Through the centuries, Lisbon has succumbed to the control of Berbers, Arabs, Norwegians and Spaniards, as well as the destructive forces of fire and earthquakes. All of these influences are still visible in Lisbon’s architecture, tiles and cracks in the walls.
The city’s location on the Atlantic seems to have influenced its color palette, with all the soft shades of water, sky, sunshine and sunsets applied along every street. The joy in the colors and patterns feels unique to Lisbon. A lot of time and thought has gone into embellishing this city.
Stepping into Palácio Chiado for lunch was unexpectedly cool, not only for the unique dining areas arranged on two floors but also for the contrast of chic and antique interiors among them. Lisbon’s casual style is an eclectic mix of old and new. It never feels constructed or fake, and whether you’re dining at an up-and-coming restaurant of a Michelin-starred chef (Mini Bar; José Avillez; wonderful) or just having an afternoon beer at the Praça de São Paulo (on draft, with service and good people watching), you’re welcomed with genuine hospitality.
With so many hills, Lisbon has lots of viewpoints where you can take in scenic views of the city. A walk up the hill to Miradouro de São Pedro de Alcântara gave us our first vista across the city toward Castelo de Sao Jorge.

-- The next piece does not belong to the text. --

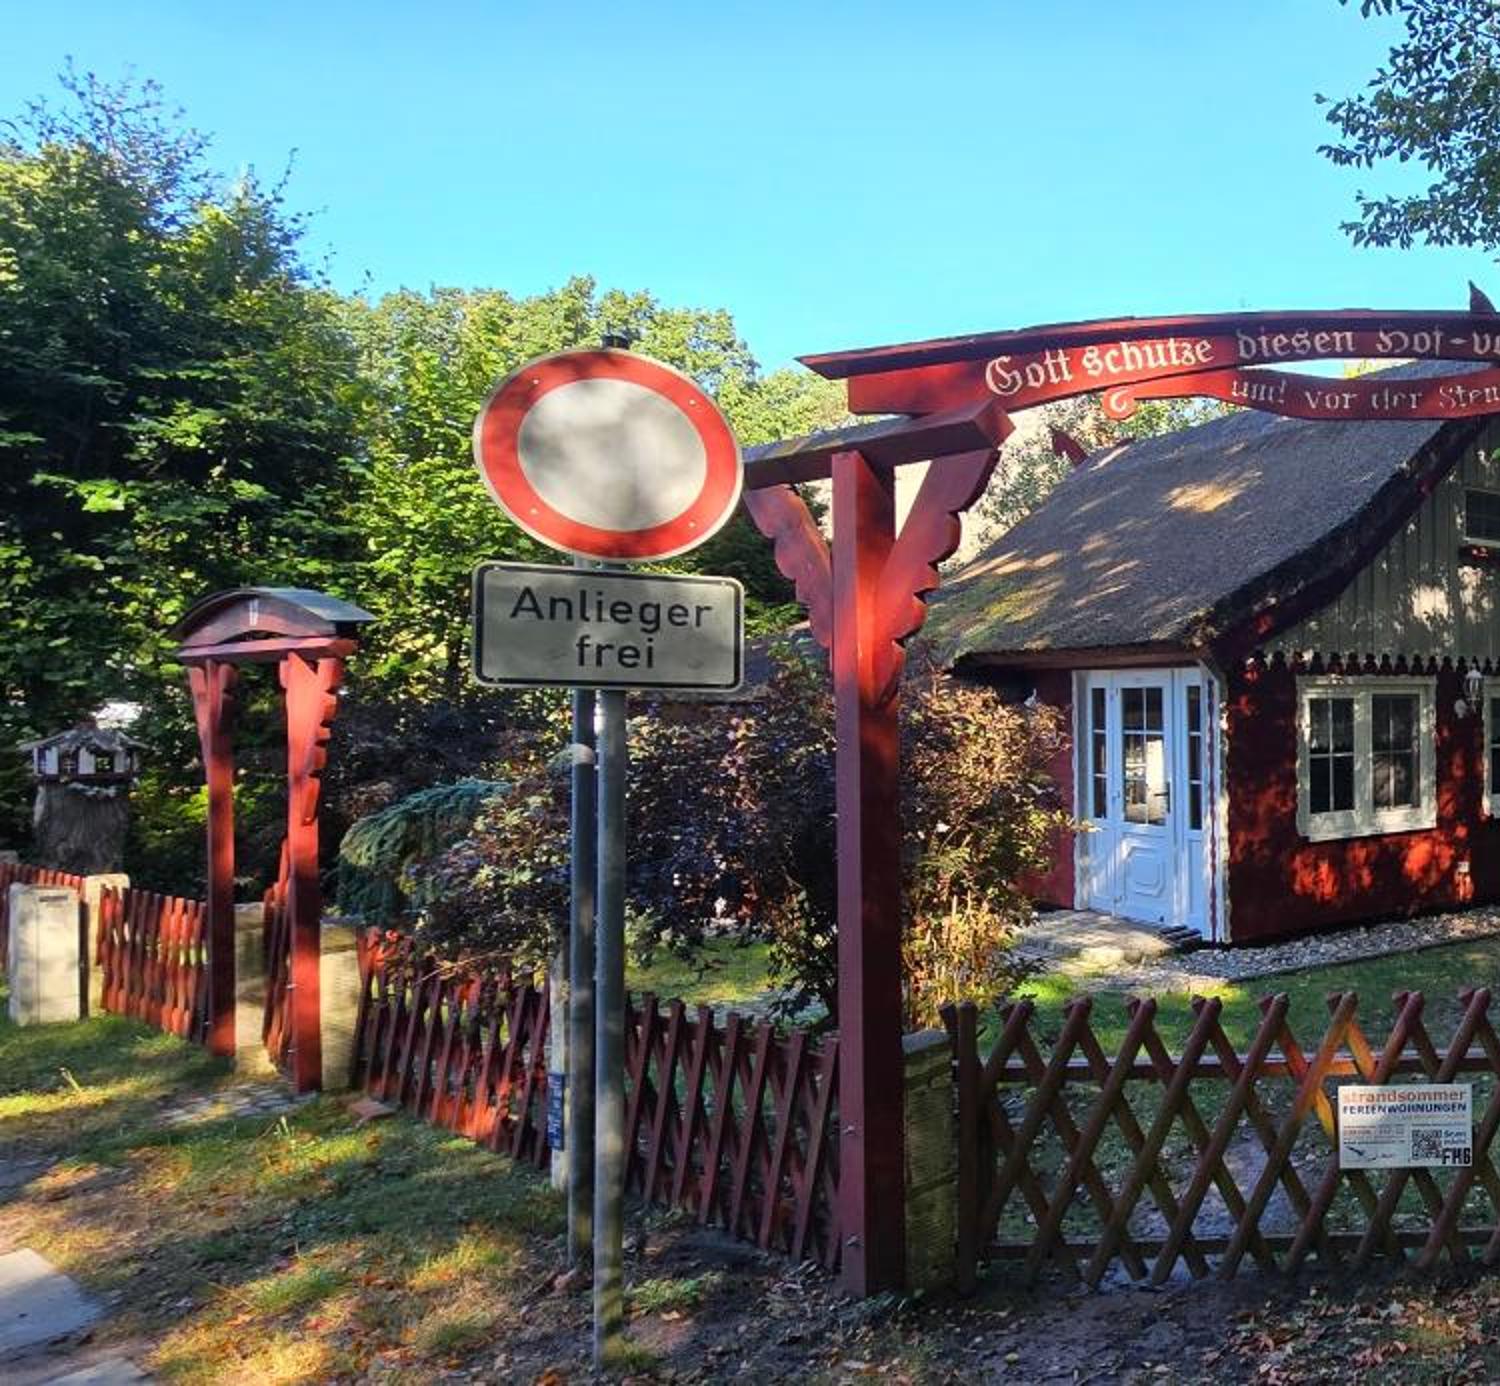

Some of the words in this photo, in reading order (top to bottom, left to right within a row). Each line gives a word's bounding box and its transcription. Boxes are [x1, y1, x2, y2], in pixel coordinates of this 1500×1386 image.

We took a Sunday stroll around the Feira da Ladra, Lisbon’s twice-weekly flea market. Any good traveler knows that market days are the best days to see local color, and the Feira da Ladra was no exception. Locals were out with a million things for sale including clothing, dishes, artwork, antiques, old tiles and Barbie dolls. I picked up a pair of Roy-Bom (Ray-Ban) sunglasses and an old brass plate with an etched design.
Another walk took us up another hill to Miradouro da Nossa Senhora do Monte where we could look west across the whole city to the Ponte 25 de Abril bridge, the largest suspension bridge in the world (and very similar to the Golden Gate).
Back down the hill and around the Castelo de Sao Jorge, we arrived at the edge of the Alfama, Lisbon’s oldest neighborhood. Buildings are packed onto the hillside with narrow walkways leading down to the main street bordering the river. This is the best area in Lisbon to experience Fado, the historic art of singing traditional Portuguese songs with trademark melancholy.
At the Praça do Comércio, the sun finally burned through the haze and brightened up the afternoon. With baton twirlers and bubble blowers around, we sat and rested our feet before continuing on to the Time Out Market.
What would a visit to Portugal be without a little Madeira wine? How amazing to see such a wide range of vintages at the market. We enjoyed a small sample poured from a bottle that was corked in 1972, the year my grandmother was traveling Europe.
The Time Out Market opened in 2014 after renovations to the complex, which has been around for more than a century. It’s a great place to grab a coffee or a gourmet bite to eat after picking up some local produce or flowers at the mercado next door. Kitchens in the market cook Lisbon’s authentic, best food (as tasted and confirmed by local experts), for affordable prices, under one roof. You can also find fresh seafood and really good charcuterie among the many delectable things to eat.
The concept has revived the neighborhood and given tourists and locals a communal place to experience Lisbon’s characteristic cuisine. And this is really at the heart why we found Lisbon so livable and lovable. The city has loads of history and beauty, but the focus really seems to be on enjoying some very basic things in life: a nice view, a good glass of wine and a great meal with friends. Who doesn’t love that?